Each proposed gas power plant needs less than 30 acres,
compared with hundreds of acres for a similar coal plant. They'd be fed by underground
pipelines rather than railways and barges.
Local adjustment
The environmental effects of fracking and horizontal
drilling on water supplies have attracted governmental attention. Fracking, or
hydraulic fracturing, is the high-pressure injecting of water, sand and
chemicals deep underground to release oil and gas. Horizontal drilling sends
the pipe sideways — rather than straight down — to potentially tap miles of
resources from one rig. The shale boom is a tribute to technique and technology,
rather than a stumbling on a new find.
Much is unknown about the effects of fracking on such a
grand scale, and state and local governments are struggling to adapt. On New
Year's Eve, a small earthquake rattled Youngstown — the likely result of the
high-pressure injection of fracking waste underground, according to Columbia
University seismologists. The state shut down the disposal well. Fracking uses
millions of gallons of water that must be disposed of or recycled. Conventional
sewage treatment plants are not designed for this kind of waste.

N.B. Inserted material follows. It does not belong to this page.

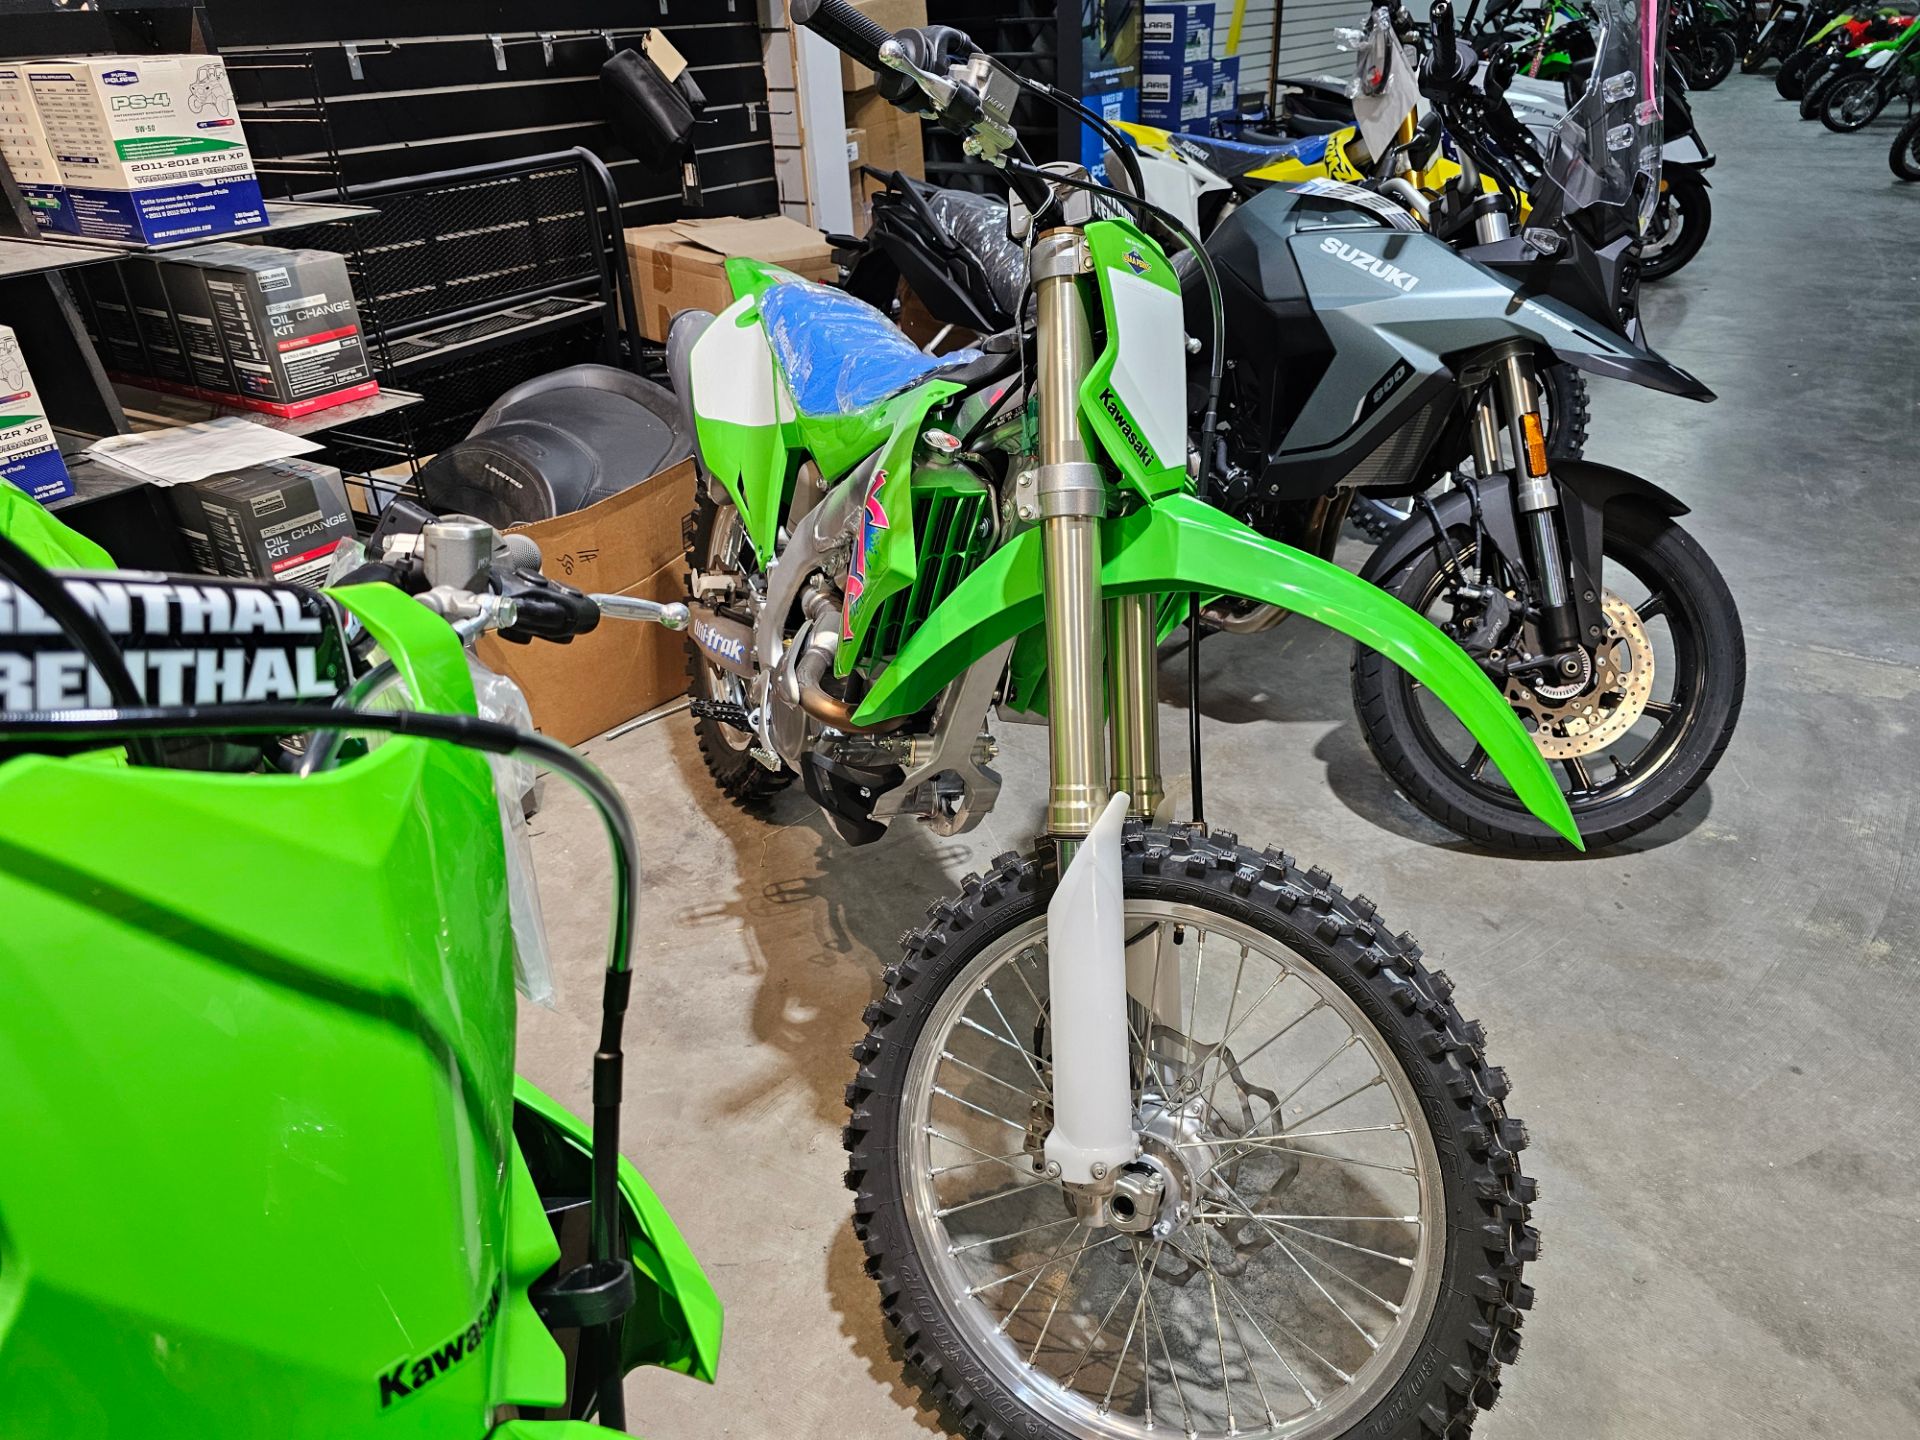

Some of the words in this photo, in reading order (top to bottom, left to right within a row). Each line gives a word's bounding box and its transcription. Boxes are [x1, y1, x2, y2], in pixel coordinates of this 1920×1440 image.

So far, most regulation has reflected the industry
perspective. Pennsylvania's new law imposing an impact fee also limited what
local governments could do to limit where fracking occurs. Last year, when the
Ohio legislature passed industry-backed regulation, the Ohio Oil and Gas
Association took credit on its website: "Senate Bill 165 — Why We Did
It."
Clif Little, a natural resource specialist at the Ohio State
University extension service, says many farmers signed oil and gas leases for
less than market value, partly because they lacked the contract negotiating
experience of oil companies and partly because Ohio law makes it hard for
locals to get a good deal. For example, in Ohio, oil companies don't say what
they paid for a lease when the sale is recorded at the county courthouse —
unlike when a home sale is recorded. So, unlike the housing market, landowners
don't know the market price, but companies buying leases do.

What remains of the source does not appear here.